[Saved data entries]
= = =

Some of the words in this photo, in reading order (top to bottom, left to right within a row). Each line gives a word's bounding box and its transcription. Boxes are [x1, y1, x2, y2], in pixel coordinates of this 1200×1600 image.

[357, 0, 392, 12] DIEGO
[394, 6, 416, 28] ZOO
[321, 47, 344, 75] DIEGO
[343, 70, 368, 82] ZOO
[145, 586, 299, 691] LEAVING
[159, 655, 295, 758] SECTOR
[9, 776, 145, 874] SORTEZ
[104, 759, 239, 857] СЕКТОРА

= = =

Try it » Exactly as written, please output every entry.

Problem solution »
Some of the words in this photo, in reading order (top to bottom, left to right within a row). Each line gives a word's bounding box and its transcription. Boxes are [x1, y1, x2, y2], in pixel coordinates of this 1200×1600 image.

[357, 0, 392, 12] DIEGO
[394, 6, 416, 28] ZOO
[321, 47, 344, 75] DIEGO
[343, 70, 368, 82] ZOO
[145, 586, 299, 691] LEAVING
[159, 655, 295, 758] SECTOR
[9, 776, 145, 874] SORTEZ
[104, 759, 239, 857] СЕКТОРА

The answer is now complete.